# THE TASK:
Write the records out again, exactly as they stand below.

________________________

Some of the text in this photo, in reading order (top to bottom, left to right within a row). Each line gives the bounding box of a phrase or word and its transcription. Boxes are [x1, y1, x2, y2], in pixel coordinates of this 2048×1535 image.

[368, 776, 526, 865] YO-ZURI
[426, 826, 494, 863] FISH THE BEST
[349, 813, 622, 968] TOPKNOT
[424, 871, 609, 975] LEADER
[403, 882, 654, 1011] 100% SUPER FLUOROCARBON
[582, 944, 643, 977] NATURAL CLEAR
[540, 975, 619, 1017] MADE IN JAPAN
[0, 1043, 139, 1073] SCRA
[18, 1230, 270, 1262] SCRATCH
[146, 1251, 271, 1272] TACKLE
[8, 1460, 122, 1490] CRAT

________________________

# SOLUTION FOR THIS EXERCISE:
Some of the text in this photo, in reading order (top to bottom, left to right within a row). Each line gives the bounding box of a phrase or word and its transcription. Boxes are [x1, y1, x2, y2], in pixel coordinates of this 2048×1535 image.

[368, 776, 526, 865] YO-ZURI
[426, 826, 494, 863] FISH THE BEST
[349, 813, 622, 968] TOPKNOT
[424, 871, 609, 975] LEADER
[403, 882, 654, 1011] 100% SUPER FLUOROCARBON
[582, 944, 643, 977] NATURAL CLEAR
[540, 975, 619, 1017] MADE IN JAPAN
[0, 1043, 139, 1073] SCRA
[18, 1230, 270, 1262] SCRATCH
[146, 1251, 271, 1272] TACKLE
[8, 1460, 122, 1490] CRAT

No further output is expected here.